A Brief History of Copper
Copper is one of those metals you see everywhere and maybe take for granted. But with the trends today toward “being green” metals like copper are enjoying resurgence in popularity, especially in fields from medicine to home décor.
But how much do you really know about this metal? For those who want to learn more, here is a brief history of copper.
Copper: An Overview
Copper is formed in volcanic areas with high concentrations of sulfur, which when under a great deal of pressure become hot sulfuric gases. With a melting point of almost two thousand degrees Fahrenheit, copper is a very stable element that does not degrade or become corrupted easily.
This is one of the aspects that have made copper so useful to humans, as it does not rust or break easily. Copper is one of only two metals that is colored; the other is gold.
Copper and Humans
Copper is has a long history of making life easier for humans. Copper first appeared over ten thousand years ago, found by archeologists among other ruins of human civilization, and was mentioned in the Old Testament. Additionally, copper was the first metal mined by humans and crafted into useful tools. Throughout the history of all people, copper has played a role in medicine, culture, and technology serving as money, a means of sterilization, and even armor.

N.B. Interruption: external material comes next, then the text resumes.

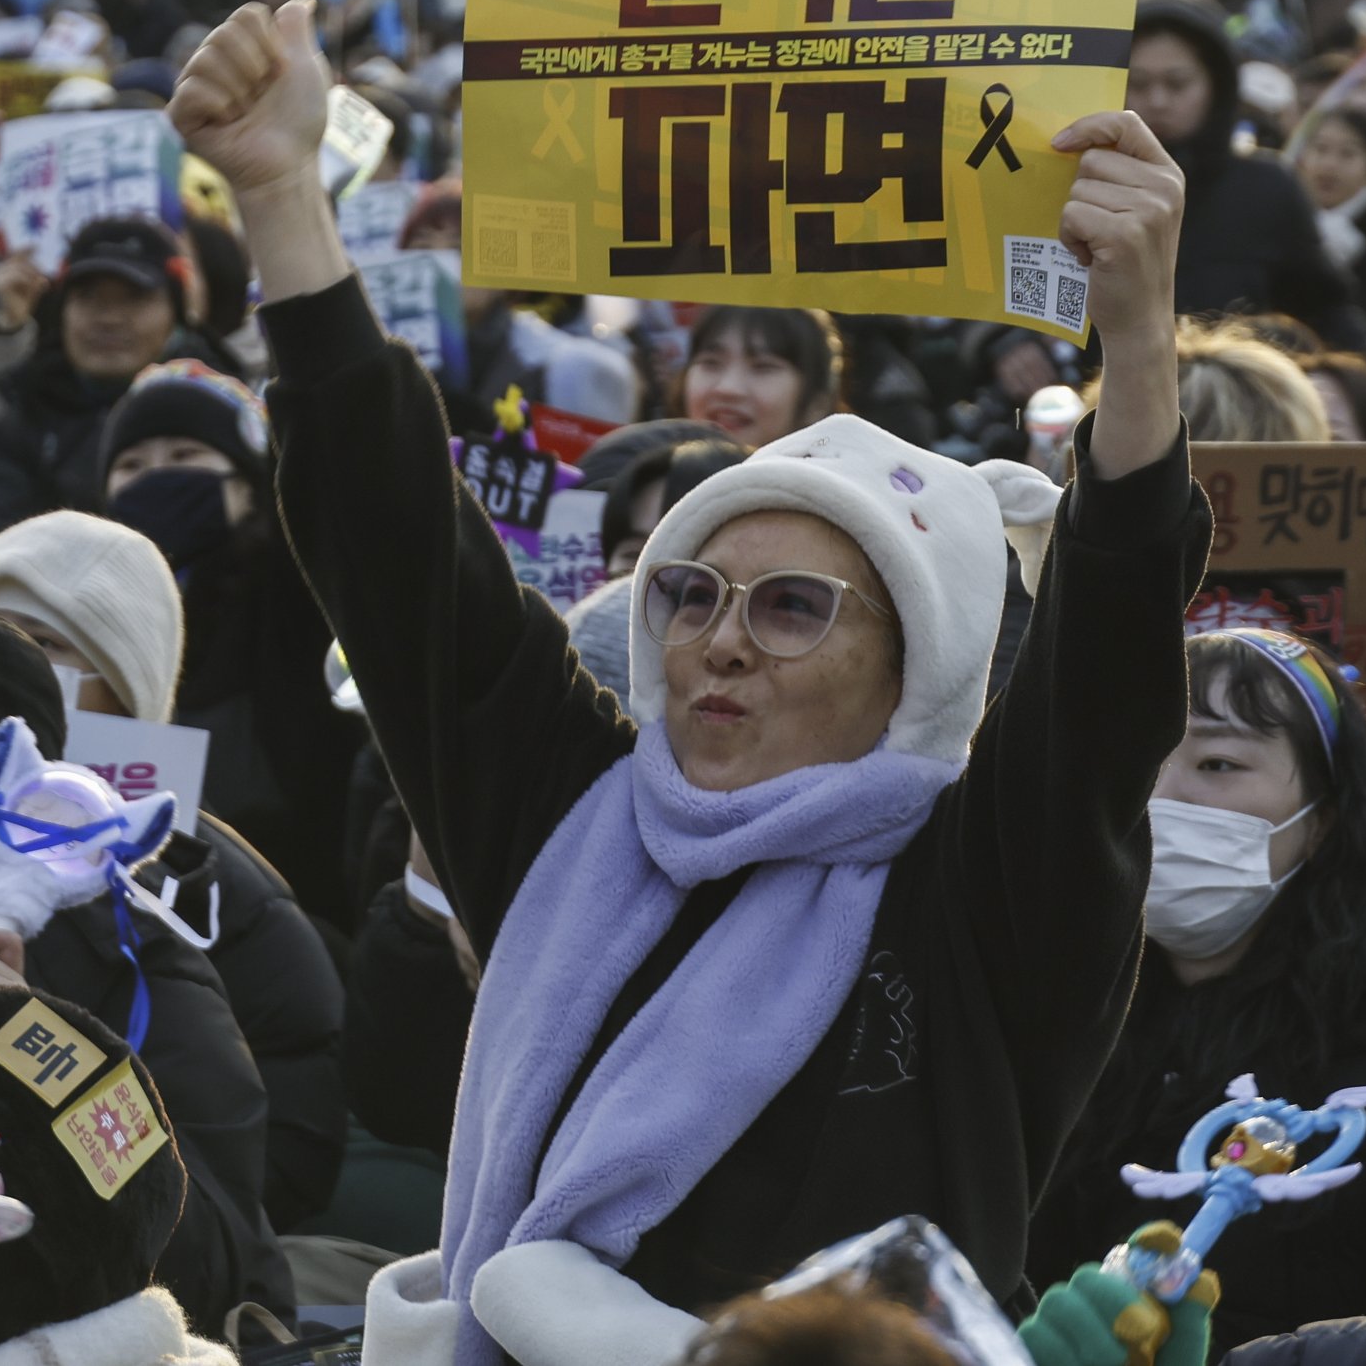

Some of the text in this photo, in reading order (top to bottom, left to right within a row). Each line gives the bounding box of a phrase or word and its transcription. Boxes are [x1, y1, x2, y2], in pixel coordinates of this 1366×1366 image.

Unlike some other materials that were popular thousands of years ago but have been replaced by newer and better construction materials, copper is used today as much or more than it was in the past. In America, copper mining began in the Western part of the country during the late nineteen century and continues to modern day. Some current uses for copper include:
- Computer chips
- Solar energy power collectors
- Space shuttle
- Coins (nickels, dimes, quarters, pennies, and half dollars all include copper)
The future of copper
Copper is unique because it has a strong history, is used frequently in modern fields, and is likely to have a very real place in the future of mankind as well. Some properties that make copper so appealing for the future include:
- Malleability – copper can be shaped in many ways
- High conductivity – makes copper very useful for electronic and technologic applications
- Recyclability – copper can be recycled almost indefinitely without losing its advantageous properties
From science to construction, from the home to hospitals, copper is here today and will be here tomorrow. One of the most versatile and useful metals, copper plays an essential role in civilization.